This article was published 23/05/2024 (472 days ago), so information in it may no longer be current.

The Manitoba government is cracking down on nurses working in the public-health system who moonlight for private agencies and promising more money to health regions that use unionized workers.

The Manitoba Nurses Union supports the plan, but the opposition Progressive Conservatives say the NDP government is “forcing” nurses out of private agencies and into the public system.

A memorandum of understanding that’s part of the new contract reached with the MNU can fix the “skyrocketing” use of private-agency nurses, Premier Wab Kinew said in the house this week.

MIKAELA MACKENZIE / FREE PRESS FILES
                                Premier Wab Kinew said the deal aims to draw nurses back to the public system and includes a plan to reduce mandatory overtime and improve nurse-to-patient ratios.

MIKAELA MACKENZIE / FREE PRESS FILES

Premier Wab Kinew said the deal aims to draw nurses back to the public system and includes a plan to reduce mandatory overtime and improve nurse-to-patient ratios.

The public health-care system’s reliance on for-profit agency nurses has tripled over recent years and cost the province $56 million in the first three quarters of 2023-24.

“Money is better invested in retaining and supporting our publicly employed nurses,” MNU president Darlene Jackson said in an email Thursday.

“If we are truly committed to fixing health care and improving culture, rather than profiteering off the backs of the patients, we must continue to invest in our public health-care system.”

About 12,000 MNU members voted last week on the four-year deal recommended by the union. Nurses in five of the province’s six health regions voted in favour of the deal that increases wages by 11.25 per cent over four years, improves shift premiums, provides an annual full-time incentive and rewards long service.

However, Shared Health’s 3,400 nurses at the Health Sciences Centre rejected it, and their bargaining unit heads back to the negotiating table Friday.

“Money is better invested in retaining and supporting our publicly employed nurses.”–MNU president Darlene Jackson

Kinew said the deal aims to draw nurses back to the public system and includes a plan to reduce mandatory overtime and improve nurse-to-patient ratios.

The employer commits to making “best efforts to minimize to the greatest degree possible” the use of nurses employed by outside agencies to fill occasional available shifts, according to the memorandum of understanding shared by the MNU.

Such shifts, including those resulting from not filling term or permanent positions for a period of time, will be offered first to nurses at that facility in the public system, it said.

“Only when nurses at the facility, other sites and/or the provincial travel nurse team are not available, will the facility resort to seeking assistance from outside agencies.”

The side deal to the collective agreement also states that health regions “shall not retain or hire as an agency nurse” anyone who is also an employee of the health region.

That raised the Tories’ hackles.

MIKE DEAL / FREE PRESS FILES
                                ‘The NDP are forcing nurses into the public system rather than listening to their concerns and drawing them back in,’ said PC health critic Kathleen Cook.

MIKE DEAL / FREE PRESS FILES

‘The NDP are forcing nurses into the public system rather than listening to their concerns and drawing them back in,’ said PC health critic Kathleen Cook.

“The NDP are forcing nurses into the public system rather than listening to their concerns and drawing them back in,” PC health critic Kathleen Cook said during question period Wednesday.

“(The tentative agreement) clearly states that agency nurses are now prohibited from working in their own employment organization.
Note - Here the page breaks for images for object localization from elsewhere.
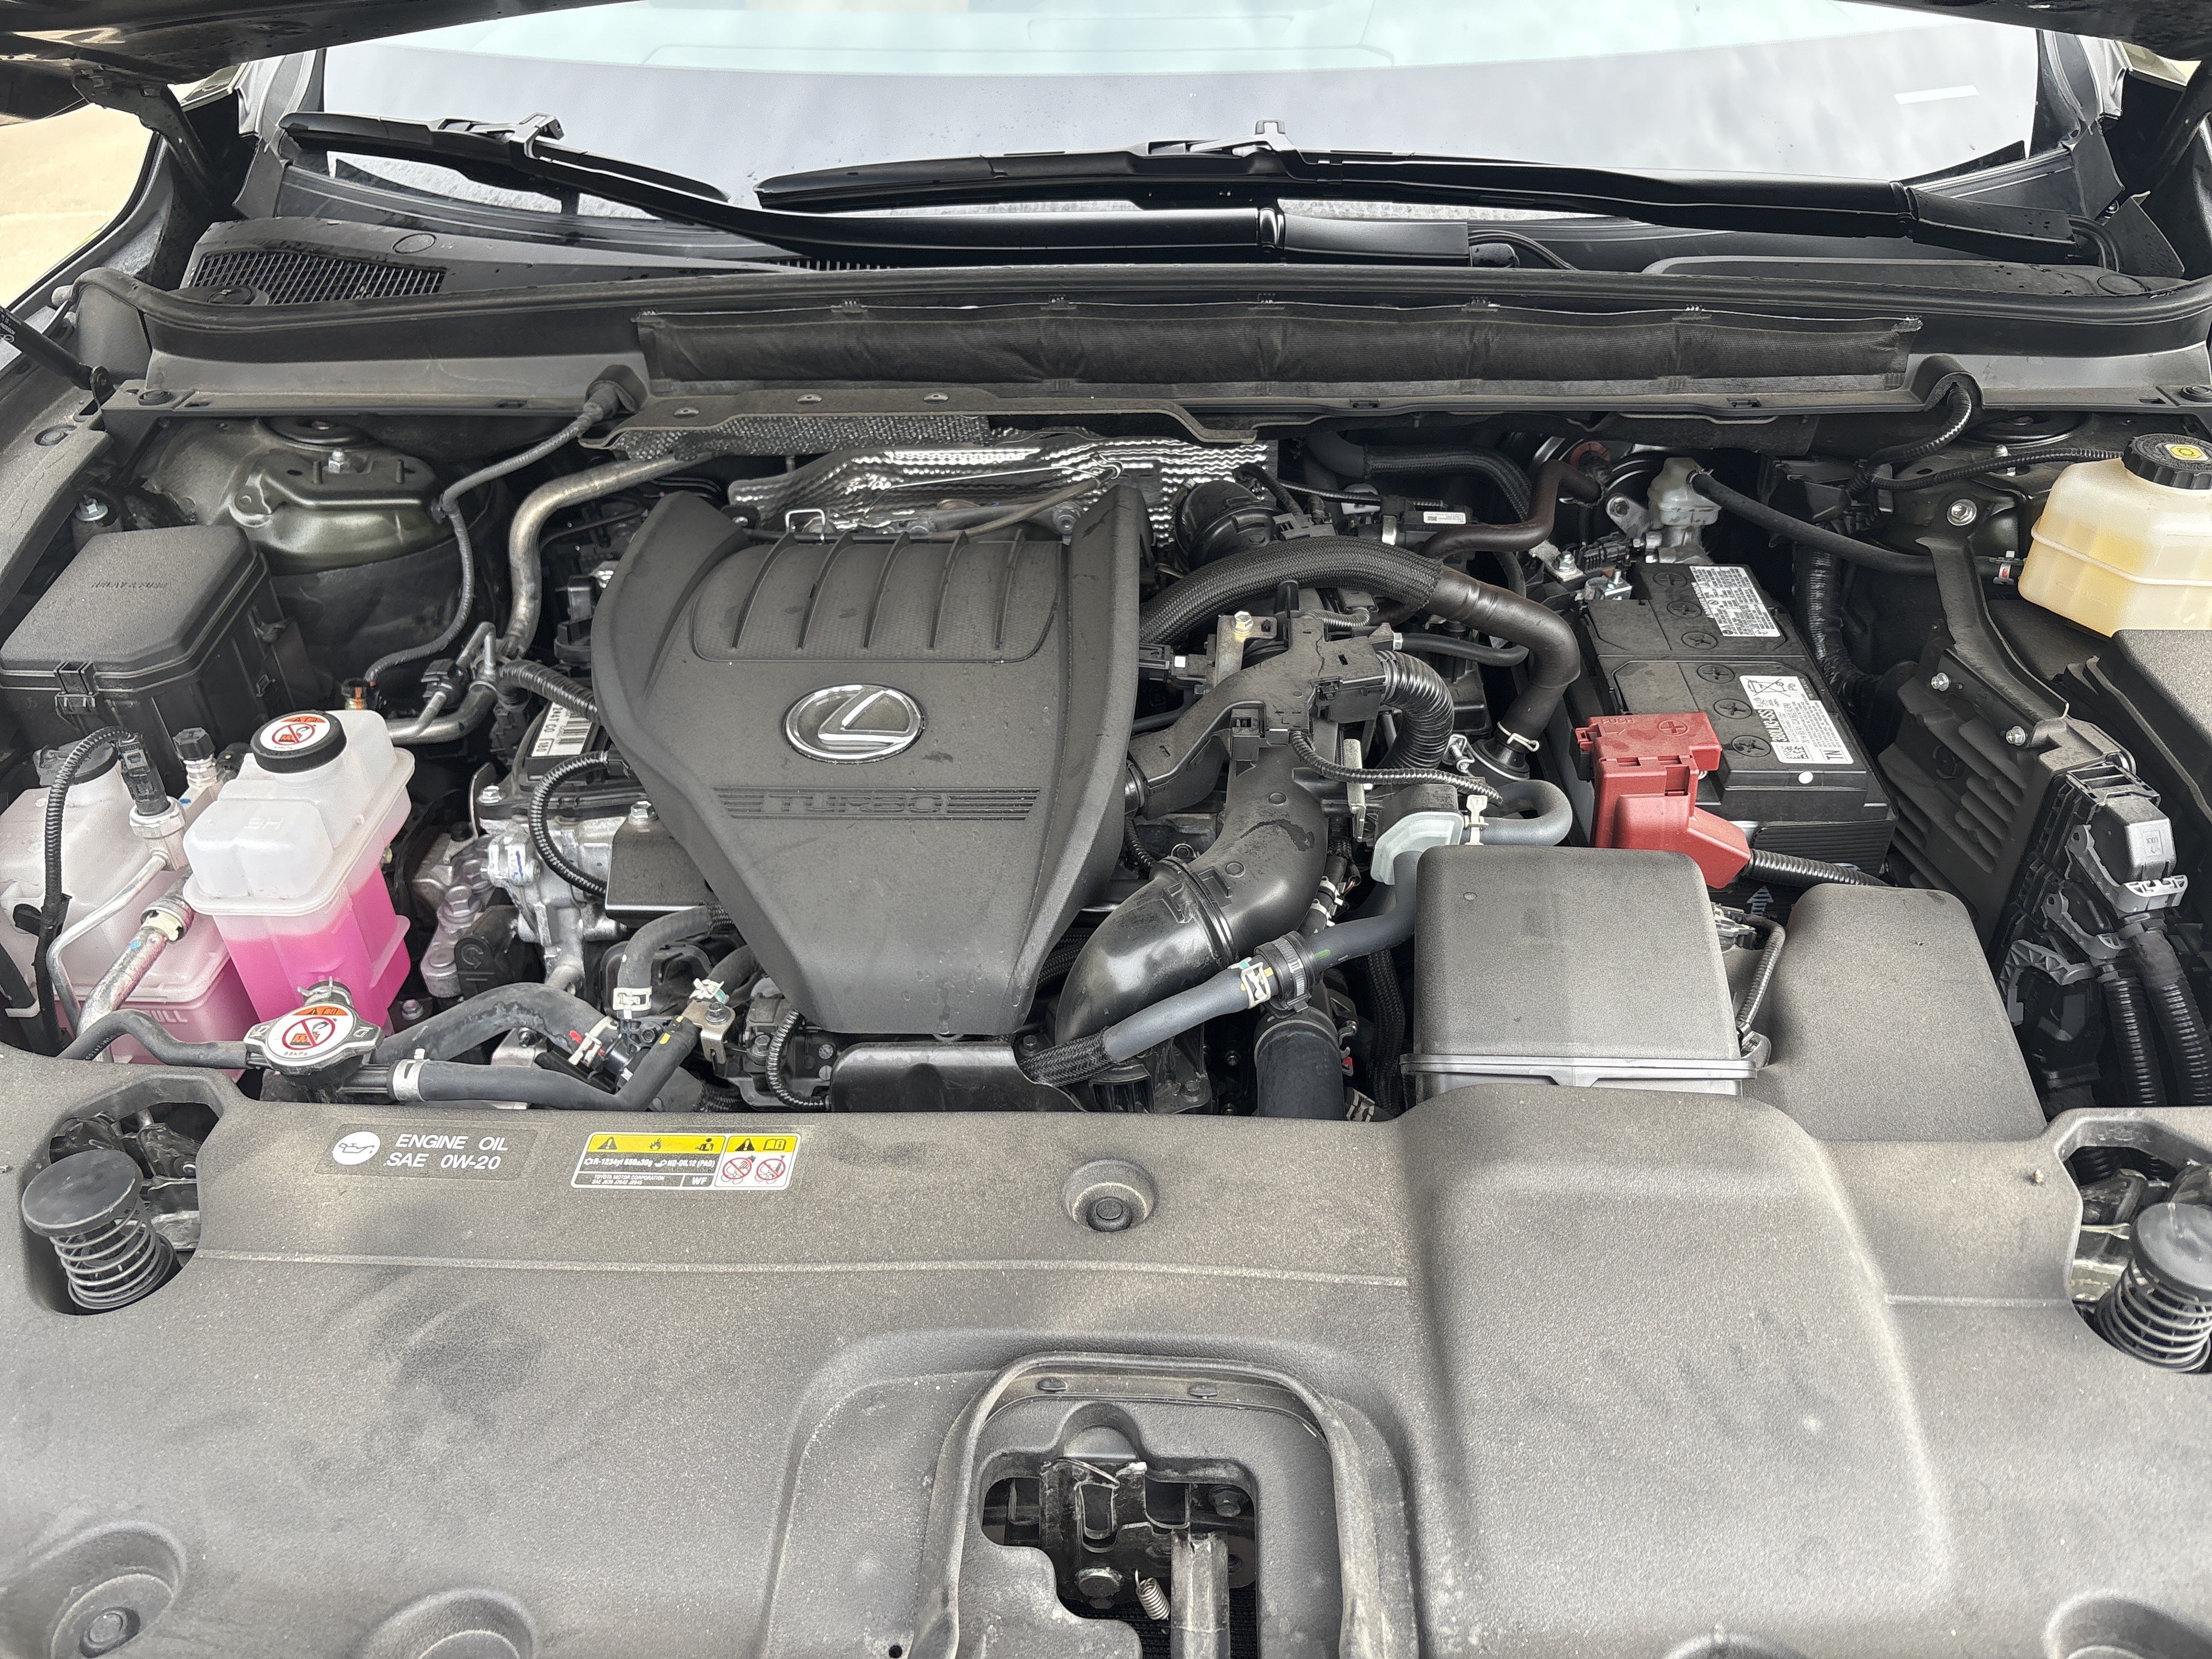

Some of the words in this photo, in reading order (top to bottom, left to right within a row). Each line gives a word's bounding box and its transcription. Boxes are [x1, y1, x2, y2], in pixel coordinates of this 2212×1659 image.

[1788, 683, 1798, 691] Pb
[1822, 750, 1844, 760] TN
[769, 794, 942, 812] TURBO
[146, 1009, 188, 1023] ULL
[396, 1133, 469, 1149] ENGINE
[478, 1136, 509, 1151] OIL
[386, 1152, 429, 1167] SAE
[441, 1154, 501, 1170] 0W-20
[692, 1176, 708, 1185] WF
For example, a nurse who works shifts for an agency — and also keeps a casual position at St. Boniface to better control her own hours — now can’t work in the (Winnipeg Regional Health Authority) at all.

“She’ll have the choice of cutting her hours, dropping the flexibility of an agency or being forced to wait for a full-time position to come up.”

Kinew defended the deal.

“It has the building blocks to address what the nurses are asking for,” he told reporters Thursday.

“Nurses — whether they’re working at Health Sciences Centre, rural Manitoba, in the North — have been saying, ‘We want to end mandatory overtime, we want safer nurse-to-patient ratios, we want to have a work-life balance, see our families and be safe in the workplace.’”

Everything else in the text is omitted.